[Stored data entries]
# # # #

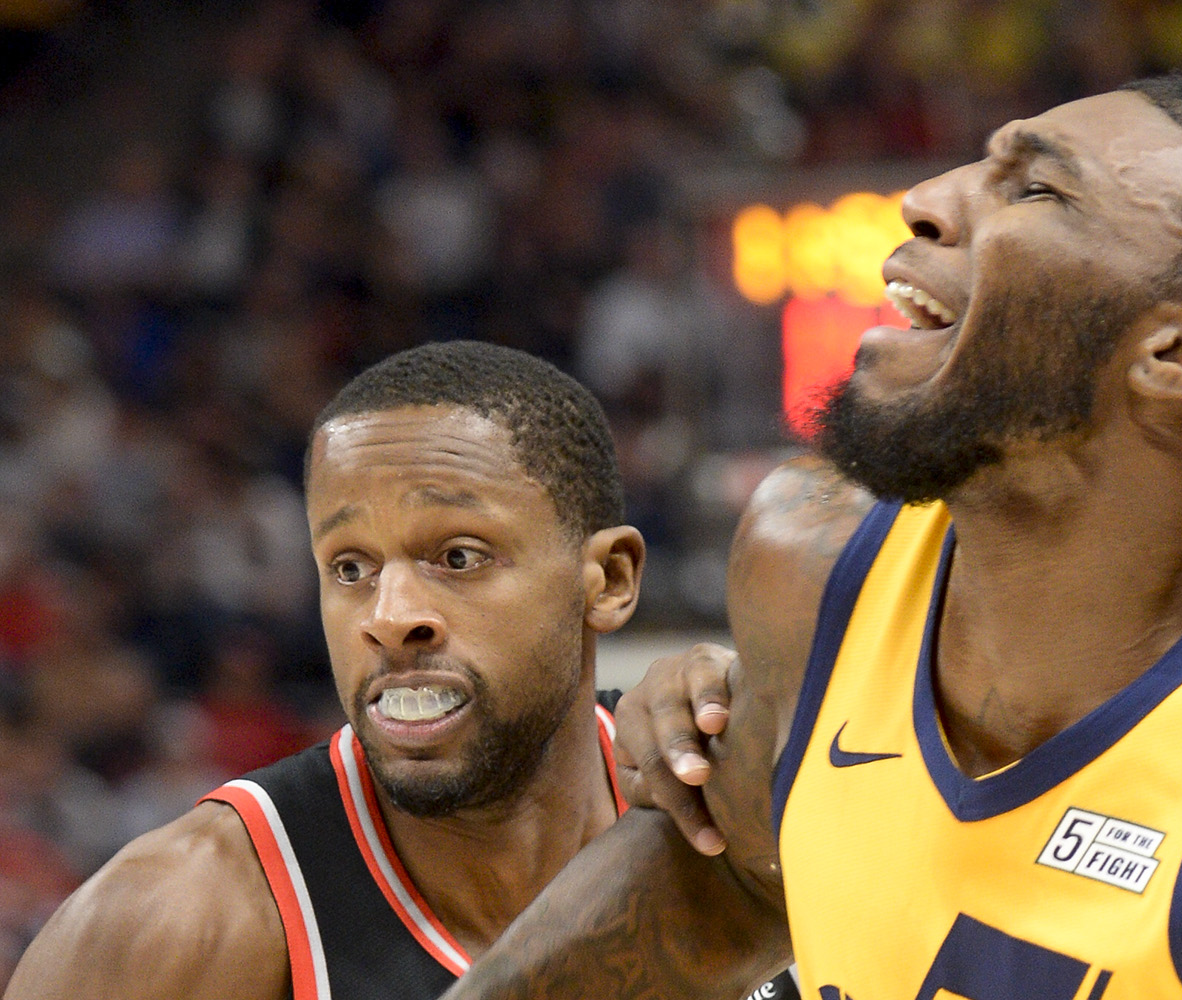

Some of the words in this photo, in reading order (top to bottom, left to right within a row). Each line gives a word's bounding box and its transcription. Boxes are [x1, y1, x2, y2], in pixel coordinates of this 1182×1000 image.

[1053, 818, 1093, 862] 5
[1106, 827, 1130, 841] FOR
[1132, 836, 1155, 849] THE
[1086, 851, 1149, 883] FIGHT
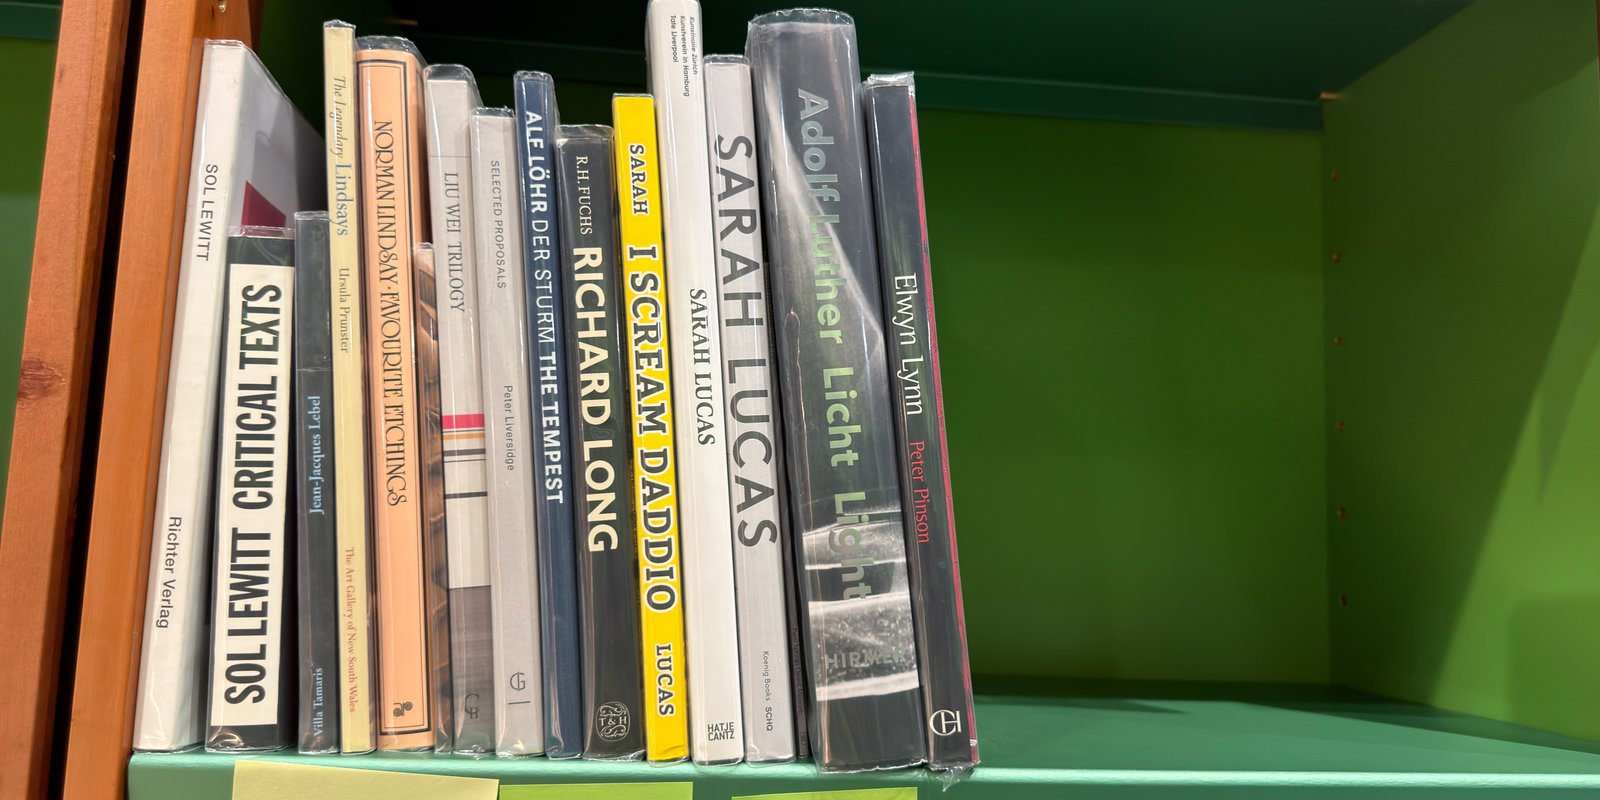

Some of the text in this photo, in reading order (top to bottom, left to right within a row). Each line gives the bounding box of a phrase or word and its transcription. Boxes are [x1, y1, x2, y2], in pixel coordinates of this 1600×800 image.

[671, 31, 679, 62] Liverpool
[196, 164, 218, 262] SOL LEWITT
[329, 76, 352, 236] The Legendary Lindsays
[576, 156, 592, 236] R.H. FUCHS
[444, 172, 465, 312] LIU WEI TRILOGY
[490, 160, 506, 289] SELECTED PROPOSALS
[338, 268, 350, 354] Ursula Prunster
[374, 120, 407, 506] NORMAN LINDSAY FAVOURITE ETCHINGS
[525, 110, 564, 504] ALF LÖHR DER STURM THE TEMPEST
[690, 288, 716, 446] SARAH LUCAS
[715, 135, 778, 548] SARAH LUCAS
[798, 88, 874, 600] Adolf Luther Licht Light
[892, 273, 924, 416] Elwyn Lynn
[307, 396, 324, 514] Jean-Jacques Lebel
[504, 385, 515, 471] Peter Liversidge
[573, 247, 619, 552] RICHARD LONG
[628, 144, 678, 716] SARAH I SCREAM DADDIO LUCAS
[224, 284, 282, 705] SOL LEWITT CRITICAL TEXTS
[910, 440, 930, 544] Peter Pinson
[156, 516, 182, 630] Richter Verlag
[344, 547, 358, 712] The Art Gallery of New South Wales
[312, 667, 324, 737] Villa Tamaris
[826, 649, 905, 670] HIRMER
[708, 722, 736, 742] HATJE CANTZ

# # # #

Work item: Your answer must be an exact copy of the records, with no pictures in it.

Written reply:
Some of the words in this photo, in reading order (top to bottom, left to right within a row). Each line gives a word's bounding box and its transcription. Boxes are [x1, y1, x2, y2], in pixel coordinates of this 1182×1000 image.

[1053, 818, 1093, 862] 5
[1106, 827, 1130, 841] FOR
[1132, 836, 1155, 849] THE
[1086, 851, 1149, 883] FIGHT

Some of the text in this photo, in reading order (top to bottom, left to right within a row). Each line gives the bounding box of a phrase or word and its transcription. Boxes are [x1, y1, x2, y2], in pixel coordinates of this 1600×800 image.

[671, 31, 679, 62] Liverpool
[196, 164, 218, 262] SOL LEWITT
[329, 76, 352, 236] The Legendary Lindsays
[576, 156, 592, 236] R.H. FUCHS
[444, 172, 465, 312] LIU WEI TRILOGY
[490, 160, 506, 289] SELECTED PROPOSALS
[338, 268, 350, 354] Ursula Prunster
[374, 120, 407, 506] NORMAN LINDSAY FAVOURITE ETCHINGS
[525, 110, 564, 504] ALF LÖHR DER STURM THE TEMPEST
[690, 288, 716, 446] SARAH LUCAS
[715, 135, 778, 548] SARAH LUCAS
[798, 88, 874, 600] Adolf Luther Licht Light
[892, 273, 924, 416] Elwyn Lynn
[307, 396, 324, 514] Jean-Jacques Lebel
[504, 385, 515, 471] Peter Liversidge
[573, 247, 619, 552] RICHARD LONG
[628, 144, 678, 716] SARAH I SCREAM DADDIO LUCAS
[224, 284, 282, 705] SOL LEWITT CRITICAL TEXTS
[910, 440, 930, 544] Peter Pinson
[156, 516, 182, 630] Richter Verlag
[344, 547, 358, 712] The Art Gallery of New South Wales
[312, 667, 324, 737] Villa Tamaris
[826, 649, 905, 670] HIRMER
[708, 722, 736, 742] HATJE CANTZ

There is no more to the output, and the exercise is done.